Corporate Frauds to come under PMLA, 2002

CS Peer mehboob , Last updated: 26 September 2018  
  Share


BACKGROUND:

The Government has introduced amendments in Prevention of Money Laundering Act, 2002(PMLA) through Finance Act, 2018. The amendments aim at further enhancing the effectiveness of the Act, widen its scope and take care of certain difficulties faced by the Enforcement Directorate in the prosecution of PMLA cases. The major amendment proposed inter-alia is including Corporate Frauds as Scheduled Offences. Section 205(h) of the Finance Act proposes to insert a new paragraph 29 in Part A of the Schedule describing offences under the Companies Act. This para indicates the offences under Section 447 of the Companies Act which provides punishment for fraud. Hence, with this amendment Section 447 of the Companies Act, 2013 is being included as scheduled offences under the PMLA provisions. As per the Ministry, this amendment aims to strengthen the PMLA with respect to corporate frauds.

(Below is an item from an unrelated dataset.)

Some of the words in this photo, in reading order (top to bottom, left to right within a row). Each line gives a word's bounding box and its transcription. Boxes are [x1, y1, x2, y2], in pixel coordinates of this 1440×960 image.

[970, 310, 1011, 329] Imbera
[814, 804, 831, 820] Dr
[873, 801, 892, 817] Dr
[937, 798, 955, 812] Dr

EFFECTIVE DATE OF AMENDMENT:

The Ministry of Finance has vide its notification in Official Gazette on 02/04/2018 appointed 01/04/2018 as the date on which Section 205 of the Finance Act dealing with amendment in Prevention of Corruption Act, 2002 shall come into force. Hence, Corporate Frauds under Section 447 of the Companies Act, 2013 have been included in the Scheduled List of Offences under PMLA with effect from 01/04/2018.

AMENDMENT TO PMLA TO DETECT CORPORATE FRAUD

Prevention of Money Laundering Act, 2002 is an Act of the Parliament of India to prevent money-laundering and to provide for confiscation of property derived from money-laundering.

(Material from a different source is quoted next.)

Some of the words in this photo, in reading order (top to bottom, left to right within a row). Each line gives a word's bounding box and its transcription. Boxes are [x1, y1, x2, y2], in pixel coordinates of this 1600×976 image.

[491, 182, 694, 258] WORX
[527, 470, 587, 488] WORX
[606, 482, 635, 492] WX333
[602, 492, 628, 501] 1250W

Through the Finance Bill, 2018, the government amended the Prevention of Money Laundering Act, 2002 (PMLA). The handling of proceeds from corporate frauds will now be a money- laundering offence. As the PMLA gives ED the power to attach and confiscate property determined to be proceeds of crime, the amendment will help authorities to prevent the dissipation of proceeds from corporate frauds. However, the unintended repercussion of the amendment will be innocent parties being questioned about their dealings with a company where fraud is discovered and potentially having their personal assets seized or directors arrested.

Therefore, it is critical for directors and officials of companies to now maintain high vigil. Relationships with banks are typically promoter-driven and Non-executive directors, foreign investors or joint venture partners do not play a role in this. However, this does not imply that they would be insulated from liability. The question that arises is, when can directors and other officials of the company be held vicariously liable for the actions of the company?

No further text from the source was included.